What the task requires
Return each line of the listing below, unchanged, and omit the images.

···

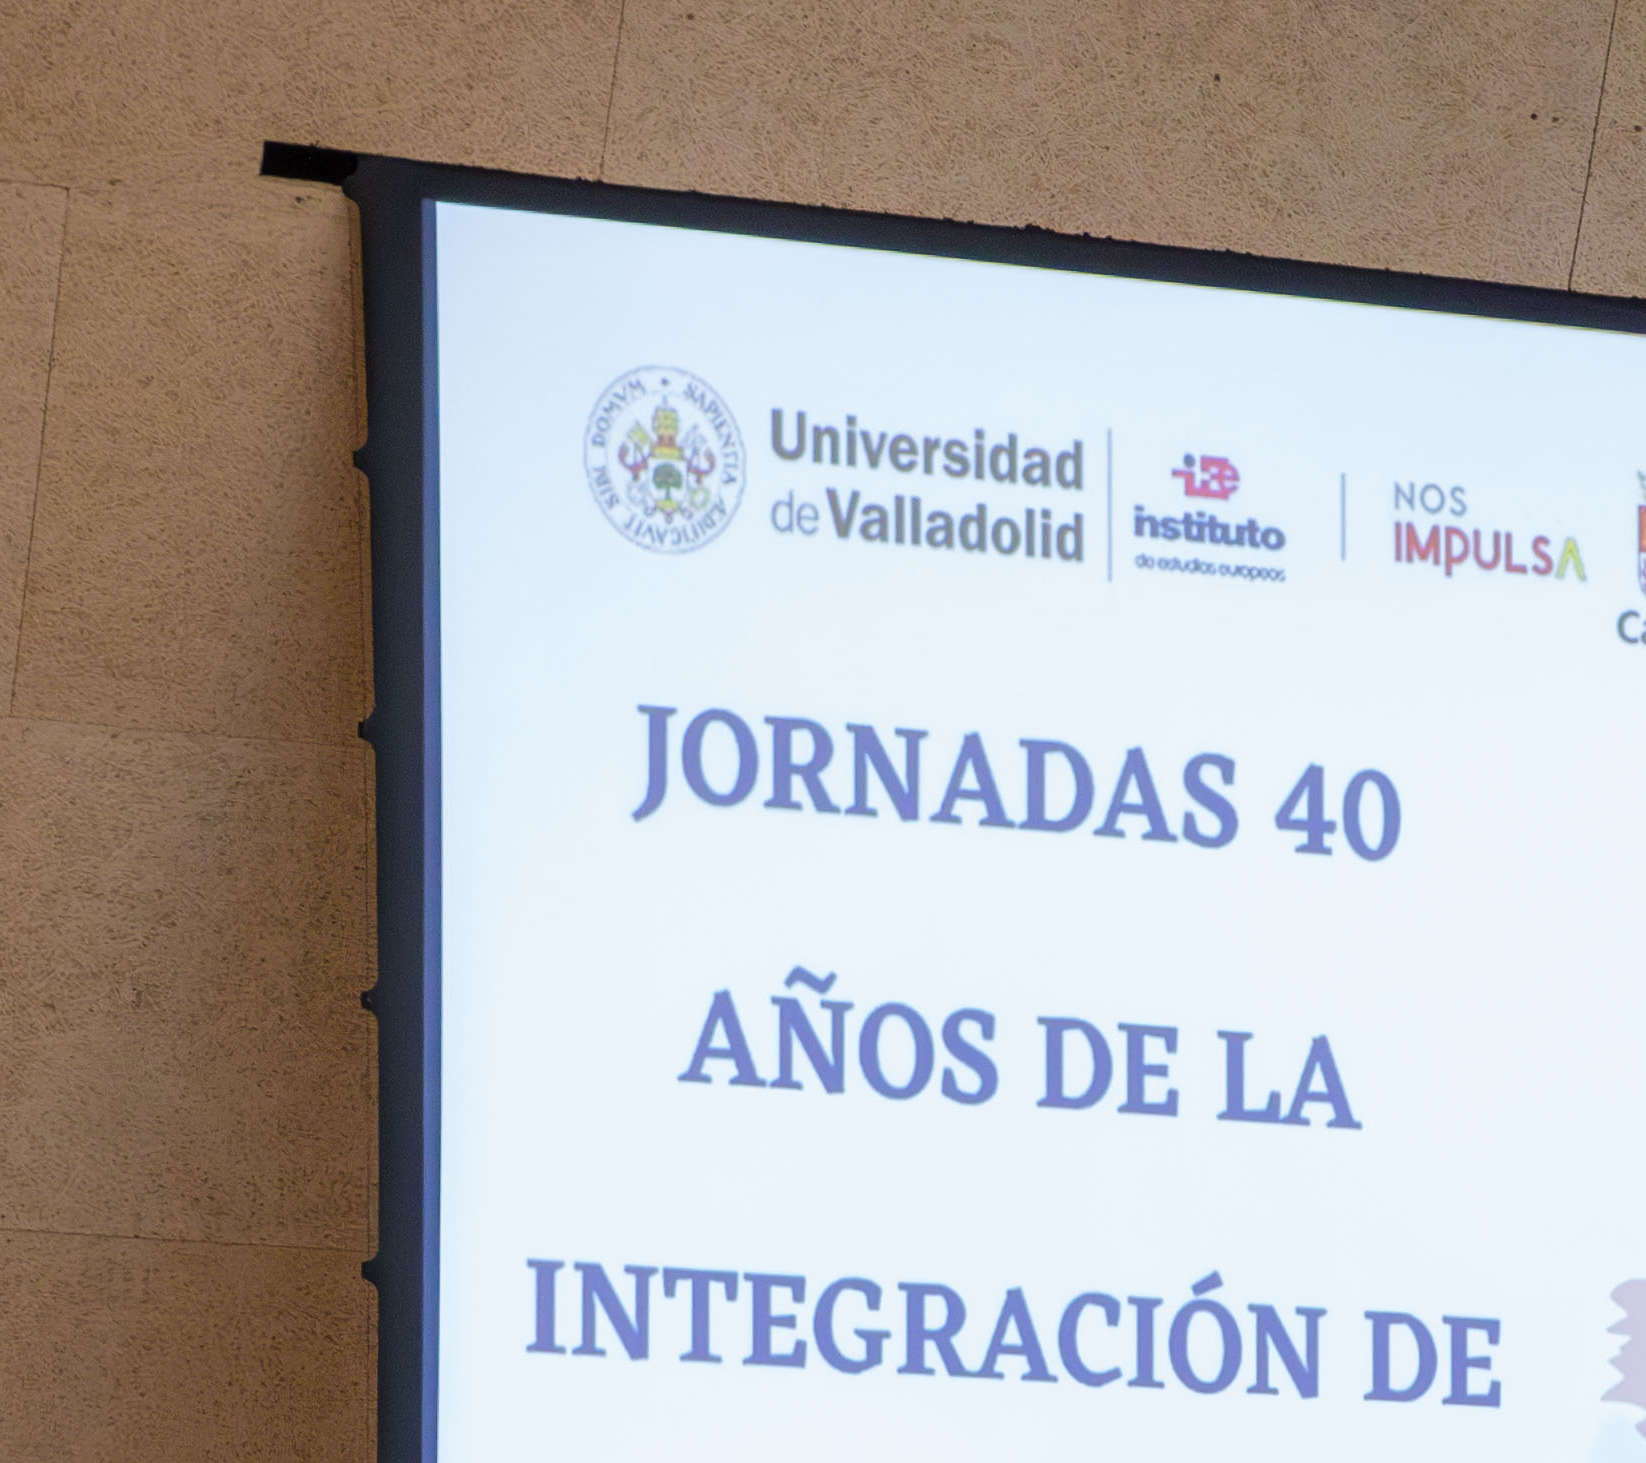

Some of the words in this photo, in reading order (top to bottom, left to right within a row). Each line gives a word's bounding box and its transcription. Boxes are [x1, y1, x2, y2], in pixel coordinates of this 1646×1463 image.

[770, 407, 1084, 491] Universidad
[770, 489, 820, 537] de
[825, 486, 1084, 563] Valladolid
[1133, 504, 1287, 551] instituto
[1394, 482, 1467, 517] NOS
[1157, 556, 1217, 575] estudios
[1218, 563, 1287, 583] europeos
[631, 704, 1239, 849] JORNADAS
[1274, 762, 1402, 862] 40
[677, 965, 999, 1106] AÑOS
[1036, 1016, 1179, 1117] DE
[1216, 1029, 1363, 1131] LA
[526, 1258, 1328, 1400] INTEGRACIÓN
[1363, 1310, 1502, 1408] DE

···

Your response
Some of the words in this photo, in reading order (top to bottom, left to right within a row). Each line gives a word's bounding box and its transcription. Boxes are [x1, y1, x2, y2], in pixel coordinates of this 1646×1463 image.

[770, 407, 1084, 491] Universidad
[770, 489, 820, 537] de
[825, 486, 1084, 563] Valladolid
[1133, 504, 1287, 551] instituto
[1394, 482, 1467, 517] NOS
[1157, 556, 1217, 575] estudios
[1218, 563, 1287, 583] europeos
[631, 704, 1239, 849] JORNADAS
[1274, 762, 1402, 862] 40
[677, 965, 999, 1106] AÑOS
[1036, 1016, 1179, 1117] DE
[1216, 1029, 1363, 1131] LA
[526, 1258, 1328, 1400] INTEGRACIÓN
[1363, 1310, 1502, 1408] DE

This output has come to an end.